━━━ DATA FOR ANALYSIS

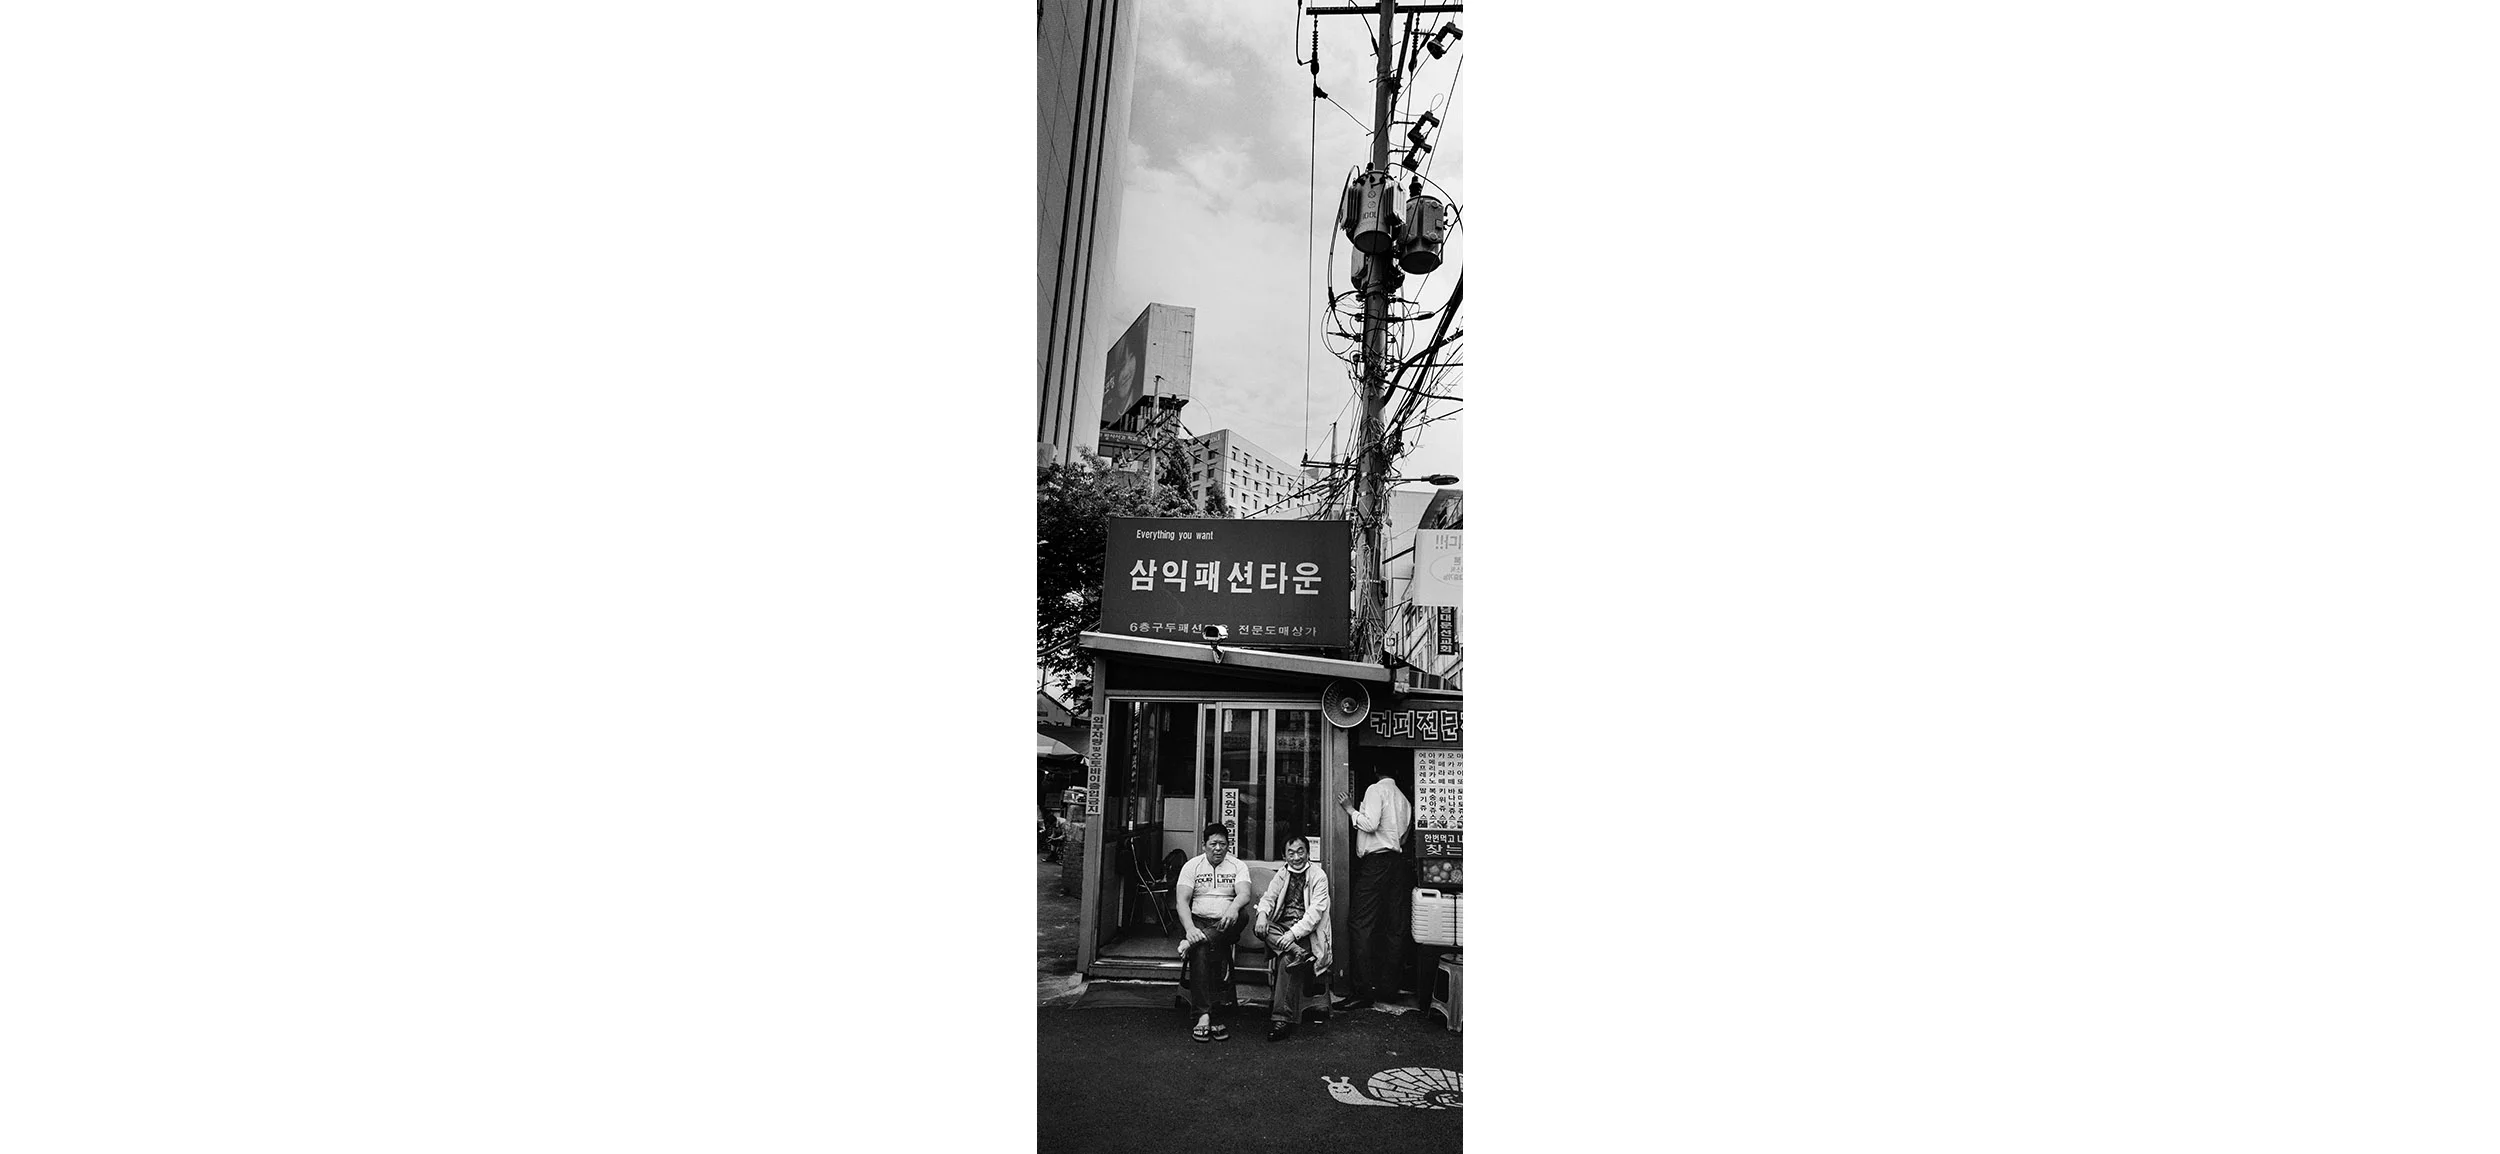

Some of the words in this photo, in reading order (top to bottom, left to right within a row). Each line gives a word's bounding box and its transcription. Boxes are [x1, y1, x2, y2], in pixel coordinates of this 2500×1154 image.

[1136, 529, 1175, 541] Everything
[1178, 531, 1193, 541] you
[1196, 531, 1214, 541] want
[1129, 559, 1322, 595] 삼익패션타운
[1129, 621, 1229, 635] 6층구두패션
[1238, 624, 1317, 637] 전문도매상가
[1370, 709, 1463, 742] 커피전문
[1224, 791, 1236, 818] 직원외

━━━━━━

### EXERCISE DETAILS
Return the material in full, word for word, and skip the pictures.

### ANSWER FOR THE TASK
Some of the words in this photo, in reading order (top to bottom, left to right within a row). Each line gives a word's bounding box and its transcription. Boxes are [x1, y1, x2, y2], in pixel coordinates of this 2500×1154 image.

[1136, 529, 1175, 541] Everything
[1178, 531, 1193, 541] you
[1196, 531, 1214, 541] want
[1129, 559, 1322, 595] 삼익패션타운
[1129, 621, 1229, 635] 6층구두패션
[1238, 624, 1317, 637] 전문도매상가
[1370, 709, 1463, 742] 커피전문
[1224, 791, 1236, 818] 직원외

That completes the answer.